[Start of section]
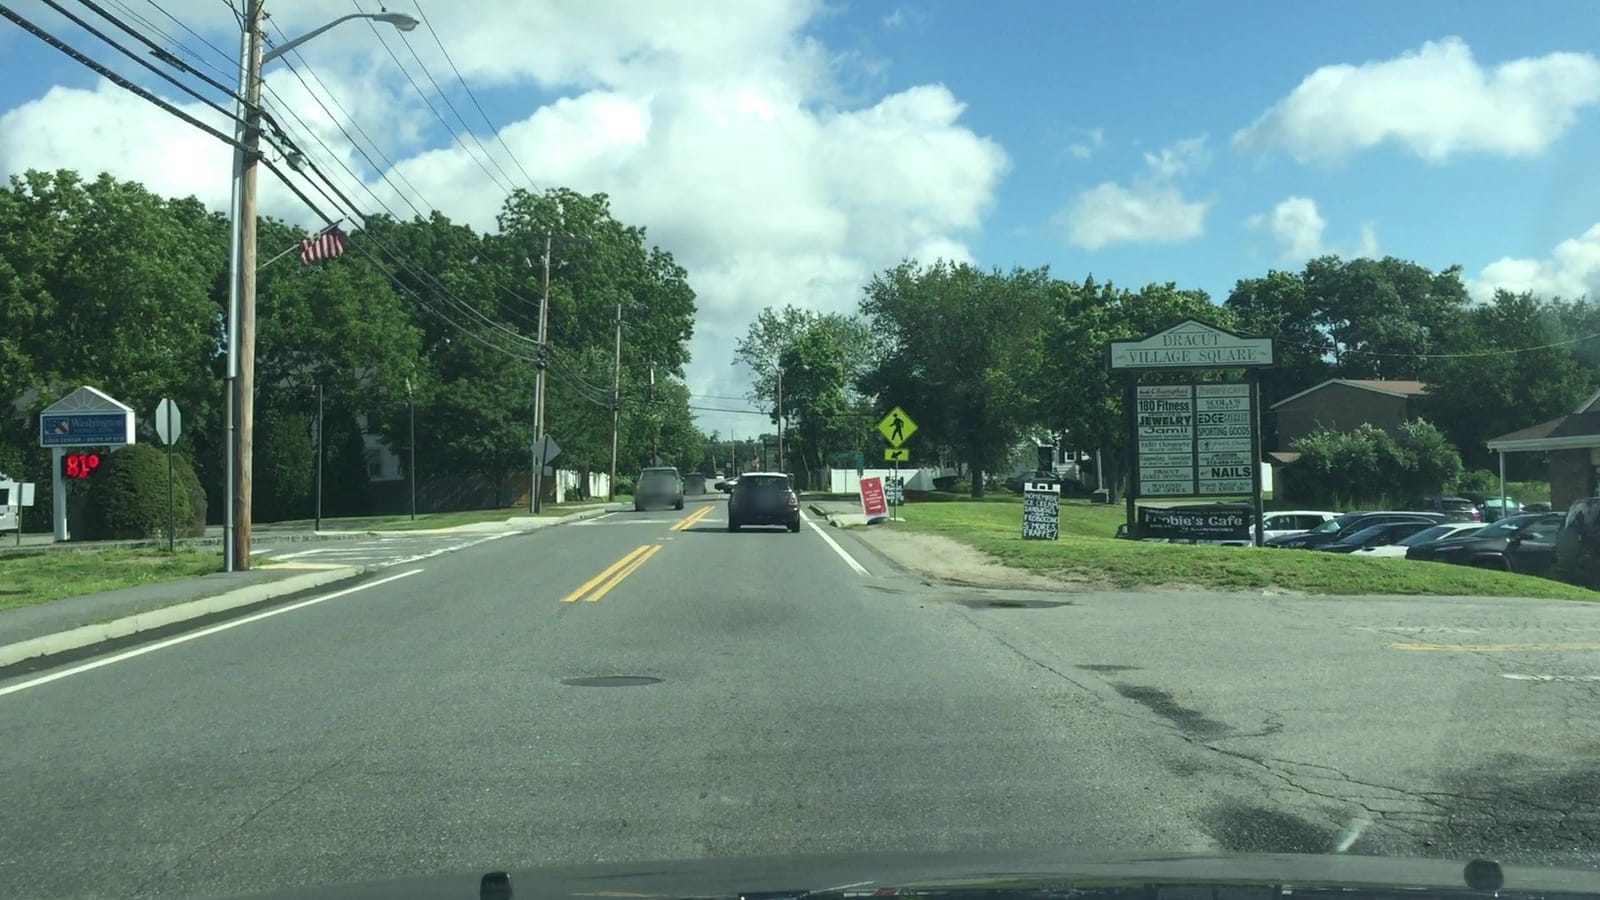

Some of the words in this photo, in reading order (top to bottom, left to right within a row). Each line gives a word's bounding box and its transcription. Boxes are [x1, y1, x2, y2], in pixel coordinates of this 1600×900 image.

[1163, 334, 1220, 347] DRACUT
[1129, 351, 1191, 363] VILLAGE
[1199, 350, 1257, 363] SQUARE
[1139, 400, 1155, 411] 180
[1157, 400, 1190, 411] Fitness
[71, 416, 123, 429] Washington
[1139, 415, 1191, 425] JEWELRY
[1198, 413, 1224, 423] EDGE
[1198, 426, 1227, 437] SPORTING
[1229, 426, 1250, 436] GOODS
[1211, 467, 1251, 478] NAILS
[1208, 515, 1243, 526] Cafe
[End of section]
→ **Work instruction**:
The whole listing should be retyped word for word; none of its pictures belong in the copy.

→ **Output below**:
Some of the words in this photo, in reading order (top to bottom, left to right within a row). Each line gives a word's bounding box and its transcription. Boxes are [x1, y1, x2, y2], in pixel coordinates of this 1600×900 image.

[1163, 334, 1220, 347] DRACUT
[1129, 351, 1191, 363] VILLAGE
[1199, 350, 1257, 363] SQUARE
[1139, 400, 1155, 411] 180
[1157, 400, 1190, 411] Fitness
[71, 416, 123, 429] Washington
[1139, 415, 1191, 425] JEWELRY
[1198, 413, 1224, 423] EDGE
[1198, 426, 1227, 437] SPORTING
[1229, 426, 1250, 436] GOODS
[1211, 467, 1251, 478] NAILS
[1208, 515, 1243, 526] Cafe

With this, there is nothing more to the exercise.